When I say the film is "talky," it's not like Woody Allen: although people quibble about definitions and verbal felicities, although there's a fantastic small scene where Nader takes his daughter Termeh to task over an English-Farsi vocabulary test. When she offers an Arabic word for 'guarantee', a word given to her by her teacher, he tells her to use the Persian word, even if it risks losing a mark. Not only does it reveal Nader's letter-not-the-spirit prideful personality, which is one of the motor's of the film's grindingly tragic events, but also the significance of language as cultural inheritance and legal formality. Yet even 'guarantee' is not a guarantee of anything: all words are translations, and therefore treacherous.

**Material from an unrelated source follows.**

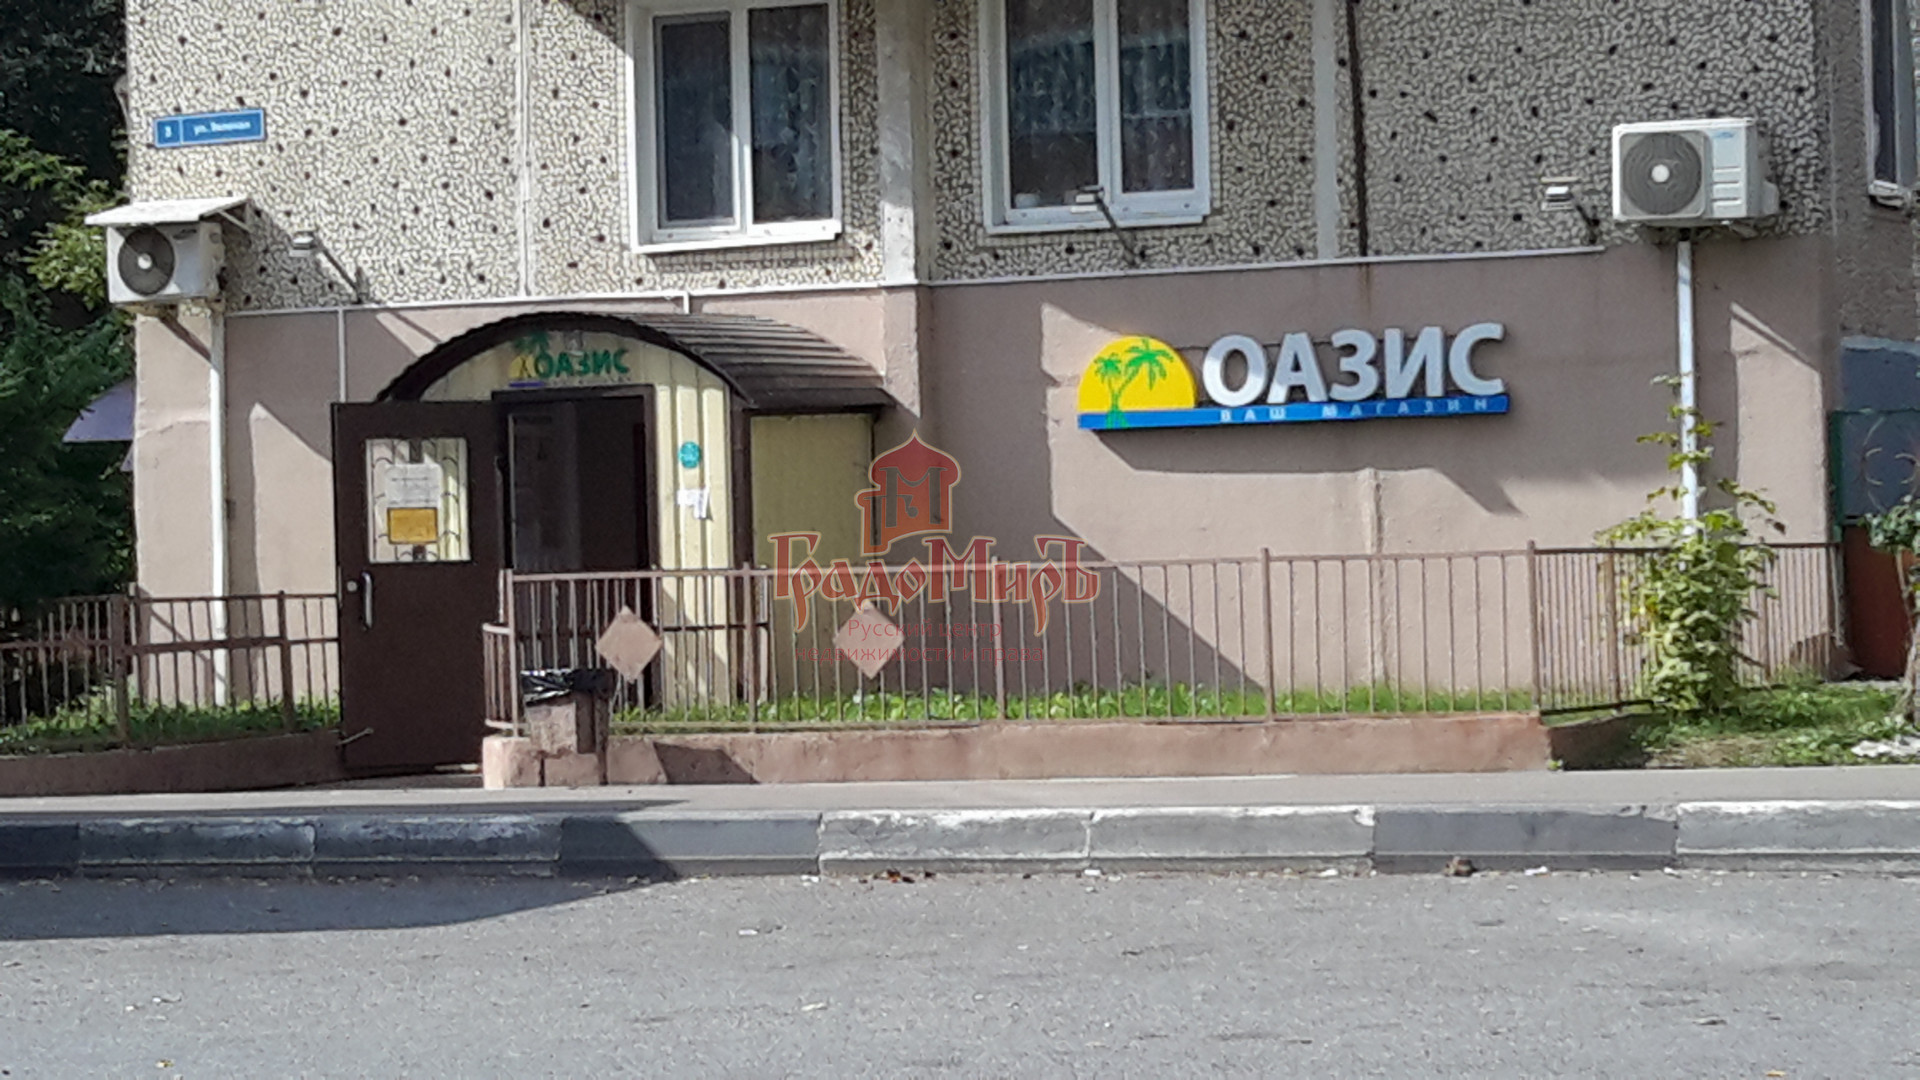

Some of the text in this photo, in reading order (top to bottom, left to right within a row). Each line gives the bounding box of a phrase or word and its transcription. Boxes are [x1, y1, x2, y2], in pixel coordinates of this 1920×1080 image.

[534, 349, 630, 379] ОАЗИС
[1202, 322, 1505, 407] ОАЗИС
[1220, 399, 1488, 422] ВАШ МАГАЗИН

And that brings forth a question central to the film, about the arbitration of meaning. For the opening of the film to defer that arbitration to the camera/viewer is a bold move in a country where magistrates are not only legally, but theologically, bound. When we eventually meet a magistrate, he is revealed -- like the judge in Kim Longinotto's documentary Divorce Iranian Style -- to be an intelligent, thoughtful and just man, but one operating in an impossible system. The conundrum is evident from the start, where Simin presents her case for divorce thus: she has applied for a visa to America, where she believes that she and her daughter will find more equal opportunities; Nader is blocking the move because he has to care for his elderly father who has Alzheimer's. An impossible, perfect, parable-like paradox is presented: Simin is arguing for divorce on the grounds that she is currently in a position of inequality; but divorce cannot be obtained on her terms, because of that inequality. Were there full equality before the law in Iran, she would not be seeking a divorce. Simin can travel to America alone once she is divorced, which Nader wearily (and fatefully) agrees to, but Termeh can only travel with her father's permission, which he will not give.

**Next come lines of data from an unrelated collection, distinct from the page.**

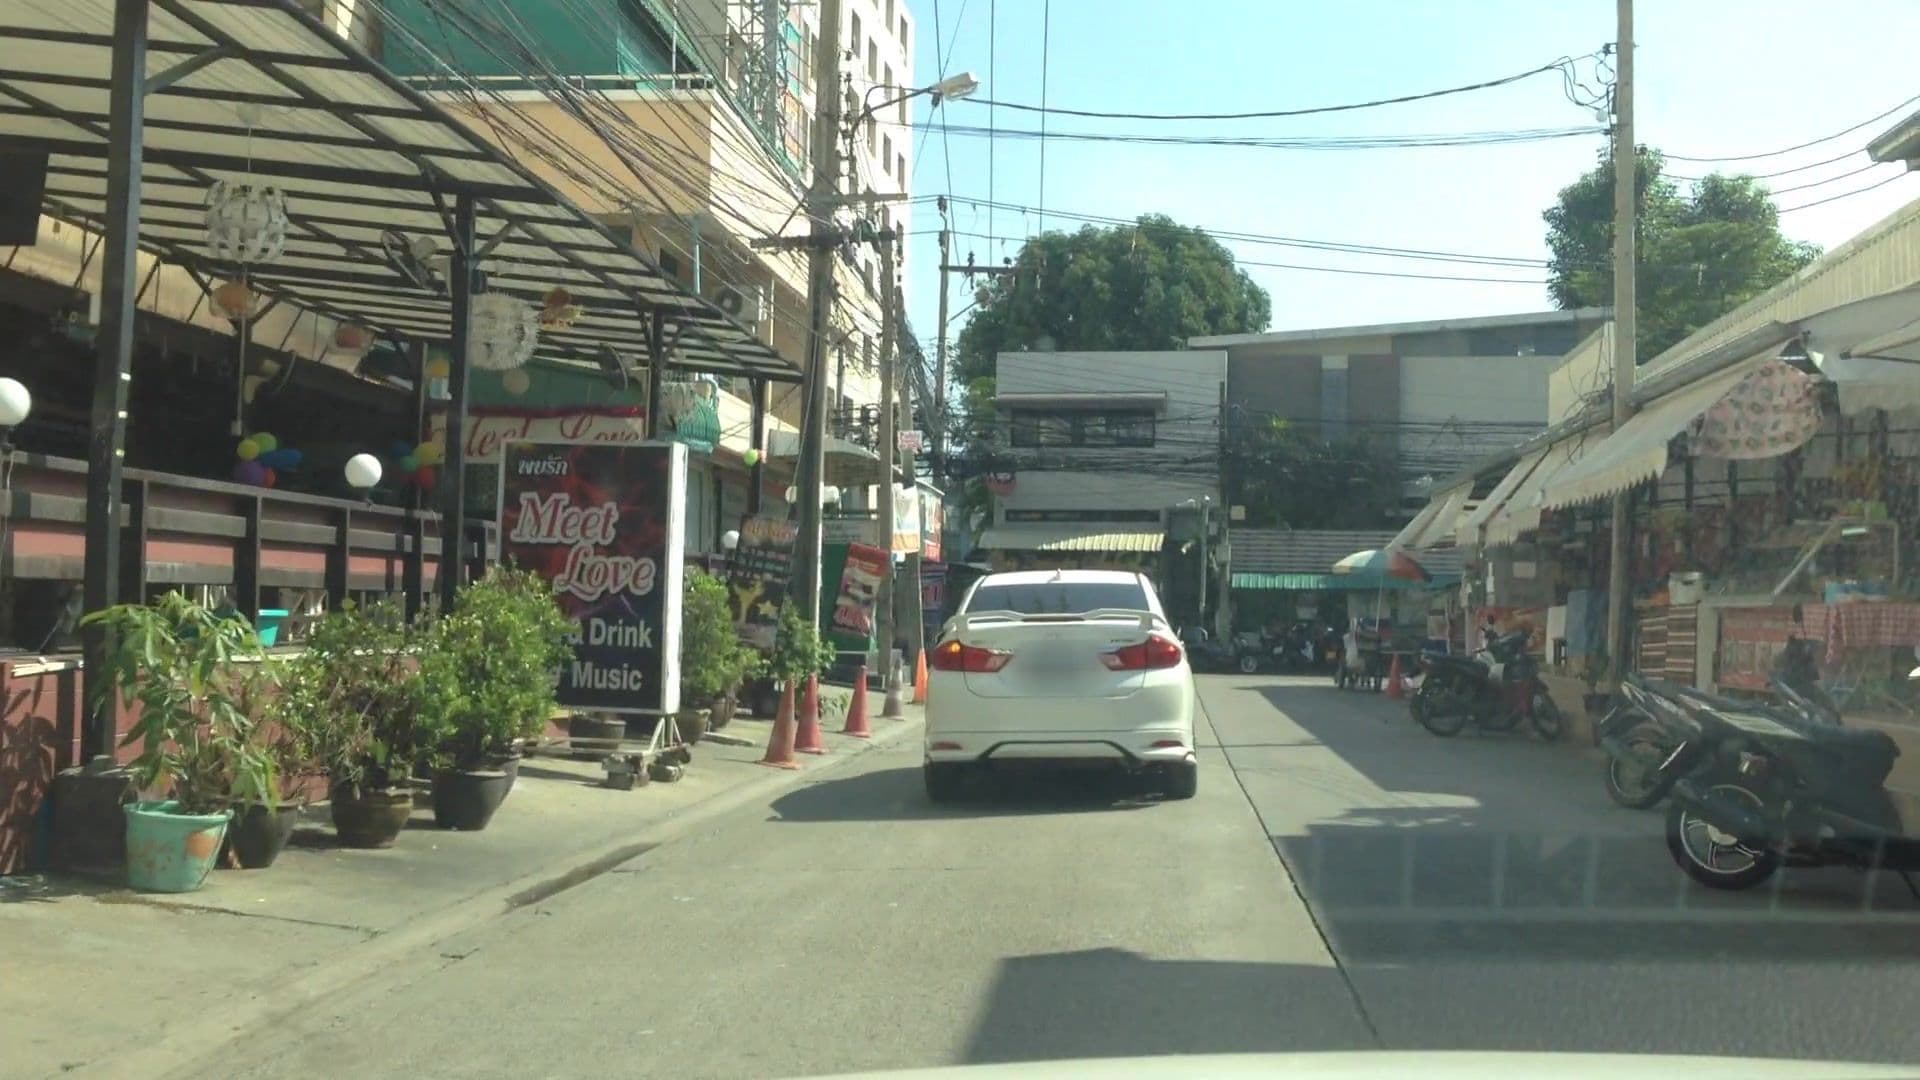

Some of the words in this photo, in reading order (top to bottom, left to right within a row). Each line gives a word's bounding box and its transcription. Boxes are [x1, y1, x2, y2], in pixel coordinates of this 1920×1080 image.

[517, 455, 569, 475] พบรัก
[510, 491, 619, 545] Meet
[551, 544, 656, 601] Love
[589, 617, 653, 649] Drink
[571, 660, 643, 691] Music

The giving of permission, and one's word, proves crucial as each character is asked to present their version of events on oath, most crushingly when it is Termeh's turn. As in the Tudor court, oaths are always taken under coercion, whether human or divine. Such politics of fear raises the question of whether truth can be thus obtained (as in the debate about torture); feminists have coined the term 'coercive consent' to describe the situation in which a person with less power enters into a sexual or other relationship with a person with significantly more power (student/teacher, servant/employer), where the coercion may not be overt but may relate to implicit fears such as loss of earnings, grades or even immigration status. I think a similar term can be applied to the oaths taken and confessions made in A Separation and Anne Boleyn, particularly by the women, while the men can better afford to cling to pride and honour as justifications for following the letter of the law. (Echoed in this week's New Yorker cartoon-in-search-of-a-caption).

There's no real conclusion to this post, as there's no real conclusion to either the play or the film: Anne Boleyn ends with a whimper, unable to face up to the torture and murder of its deeply sympathetic central character, or to the less savoury consequences of the Reformation and James' scholiastic rule; A Separation ends with one of the most audacious final scenes in recent cinema, one that is both a still tableau, an agony of waiting that pulls us deeper into the titular characters' as it reinforces our role as magistrate, and one that, through the placement of the camera and the use of sound, shows that a divorce -- any divorce, not just that of a king -- takes place in, and as part of, a social maelstrom of other lives and losses. Like Nader and Simin, we are all still waiting to see what could happen if a full divorce of church and state, of authority and intimacy, were to take place, and how language, truth, heritage and even love -- forged in a crucible of religious tradition that we still cannot shake -- will resolve themselves.